Wenn der Hypervisor die auch ohne ordentlich durchschleift, sollte das auch nicht nötig sein. Aber eventuell muss ihm das erst beigebracht werden.
Ich habe meine OPNsense hier auf KVM virtualisiert und auf dem Netzwerkport zum WLAN AP mit 5 VLANs auch nichts davon am Host eingerichtet, nachdem der nicht mehr damit tun soll, als die Hardware-Schnittstelle mit der VM zu verbinden. Das läuft seit Jahren so ohne Probleme.
Wenn du aber den kompletten Trunk an OPNsense anbindest, musst du auf jeder OPN jedes VLAN samt einer IP einrichten und sicherstellen, dass beide über diese eine Layer 2 Verbindung haben, damit CARP funktioniert.
Quote from: viragomann on February 08, 2026, 05:06:34 PMQuote from: TheExpert on February 08, 2026, 01:09:58 PMIch sehe nicht viel Mehrwert, für jedes VLAN eine eigene virtuelle Netzwerkkarte anzulegen, denn letztlich wird der Datenverkehr für die LANs immer über ein und die selbe Netzwerkverbindung geleitet.
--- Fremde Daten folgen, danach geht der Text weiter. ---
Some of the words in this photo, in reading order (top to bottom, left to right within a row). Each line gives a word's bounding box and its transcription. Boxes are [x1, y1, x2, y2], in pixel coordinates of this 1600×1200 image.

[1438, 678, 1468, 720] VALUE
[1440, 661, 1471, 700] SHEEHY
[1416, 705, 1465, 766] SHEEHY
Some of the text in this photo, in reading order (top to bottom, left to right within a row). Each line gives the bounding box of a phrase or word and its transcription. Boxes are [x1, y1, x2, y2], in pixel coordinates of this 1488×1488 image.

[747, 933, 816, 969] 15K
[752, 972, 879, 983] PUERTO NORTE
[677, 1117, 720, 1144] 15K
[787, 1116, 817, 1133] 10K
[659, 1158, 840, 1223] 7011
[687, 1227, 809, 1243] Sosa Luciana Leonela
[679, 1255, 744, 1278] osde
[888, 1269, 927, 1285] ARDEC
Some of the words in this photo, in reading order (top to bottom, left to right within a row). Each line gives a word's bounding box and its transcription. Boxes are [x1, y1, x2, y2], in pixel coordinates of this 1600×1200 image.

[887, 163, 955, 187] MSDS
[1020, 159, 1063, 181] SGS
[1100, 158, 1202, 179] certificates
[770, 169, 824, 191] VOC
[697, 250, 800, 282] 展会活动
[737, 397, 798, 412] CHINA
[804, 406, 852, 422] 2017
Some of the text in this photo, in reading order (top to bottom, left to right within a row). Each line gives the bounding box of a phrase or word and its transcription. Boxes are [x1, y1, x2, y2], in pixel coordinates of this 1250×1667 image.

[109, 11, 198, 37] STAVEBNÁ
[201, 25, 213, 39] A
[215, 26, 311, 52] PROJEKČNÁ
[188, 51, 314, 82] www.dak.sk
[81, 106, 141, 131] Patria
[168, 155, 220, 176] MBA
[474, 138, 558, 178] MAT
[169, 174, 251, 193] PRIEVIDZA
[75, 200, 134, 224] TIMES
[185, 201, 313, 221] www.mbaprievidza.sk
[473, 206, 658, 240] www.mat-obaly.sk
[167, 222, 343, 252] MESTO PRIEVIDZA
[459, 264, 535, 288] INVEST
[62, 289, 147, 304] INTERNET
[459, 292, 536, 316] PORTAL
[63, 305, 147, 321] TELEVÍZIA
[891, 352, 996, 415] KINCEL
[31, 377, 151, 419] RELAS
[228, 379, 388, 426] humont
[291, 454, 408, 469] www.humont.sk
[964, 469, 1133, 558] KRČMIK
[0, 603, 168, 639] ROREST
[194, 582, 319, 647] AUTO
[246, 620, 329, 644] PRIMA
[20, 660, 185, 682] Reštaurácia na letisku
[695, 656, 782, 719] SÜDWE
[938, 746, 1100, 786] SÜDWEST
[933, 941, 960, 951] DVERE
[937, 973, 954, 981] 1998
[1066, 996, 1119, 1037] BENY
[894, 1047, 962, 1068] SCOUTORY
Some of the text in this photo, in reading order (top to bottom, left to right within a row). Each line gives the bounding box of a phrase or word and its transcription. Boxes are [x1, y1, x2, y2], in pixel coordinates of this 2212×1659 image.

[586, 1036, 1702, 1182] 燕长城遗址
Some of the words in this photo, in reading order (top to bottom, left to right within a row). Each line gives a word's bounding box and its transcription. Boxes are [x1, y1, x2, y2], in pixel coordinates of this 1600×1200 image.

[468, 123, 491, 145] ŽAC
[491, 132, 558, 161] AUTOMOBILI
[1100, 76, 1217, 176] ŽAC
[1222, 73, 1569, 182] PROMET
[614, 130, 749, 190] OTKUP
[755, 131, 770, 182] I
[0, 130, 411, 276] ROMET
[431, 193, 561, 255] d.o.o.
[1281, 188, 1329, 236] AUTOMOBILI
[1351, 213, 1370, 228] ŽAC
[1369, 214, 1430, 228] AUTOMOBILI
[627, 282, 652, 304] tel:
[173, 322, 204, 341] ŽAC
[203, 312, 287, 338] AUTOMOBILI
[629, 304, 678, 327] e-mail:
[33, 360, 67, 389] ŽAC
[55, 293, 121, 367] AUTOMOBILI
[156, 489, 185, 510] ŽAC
Wenn der Hypervisor die auch ohne ordentlich durchschleift, sollte das auch nicht nötig sein. Aber eventuell muss ihm das erst beigebracht werden.
Ich habe meine OPNsense hier auf KVM virtualisiert und auf dem Netzwerkport zum WLAN AP mit 5 VLANs auch nichts davon am Host eingerichtet, nachdem der nicht mehr damit tun soll, als die Hardware-Schnittstelle mit der VM zu verbinden. Das läuft seit Jahren so ohne Probleme.
Wenn du aber den kompletten Trunk an OPNsense anbindest, musst du auf jeder OPN jedes VLAN samt einer IP einrichten und sicherstellen, dass beide über diese eine Layer 2 Verbindung haben, damit CARP funktioniert.
Ja, genau so habe ich es jetzt auch gemacht und das CARP funktioniert sofort für die weiteren VLANs :-).
Passthrough der kompletten Netzwerkkarte ist natürlich auch eine Option. Nur VLANs auf einer virtuellen Karte würde ich bleiben lassen.
Quote from: Patrick M. Hausen on February 08, 2026, 05:45:59 PMPassthrough der kompletten Netzwerkkarte ist natürlich auch eine Option.
Hätte ich auch vorgezogen, aber das macht meine Hardware nicht mit. :-(
Wie hast du dann "die Hardware-Schnittstelle mit der VM verbunden"?
Über eine Linux Bridge.
Habe das vielleicht unglücklich formuliert, aber es ist ja dennoch eine Verbindung.
Also ein virtuelles Interface im Gast-OS? Und da packst du VLANs drauf? Bin ehrlich überrascht, dass das funktioniert.
Ja. Mit einer Linux Bridge kann ich jedes virtuelle Interface von Gast-VMs wie auch Hardware Interface verbinden, von beiden auch mehrere. Das ist dann einfach eine Layer 2 Verbindung wie ein vSwitch auf dem alles offen ist.
Ich habe aber auf jeder Bridge nur eine Hardware NIC und eine VM NIC. Nur auf der LAN Bridge hat der Host auch eine IP.
Da läuft auch PPPoE wunderbar drüber.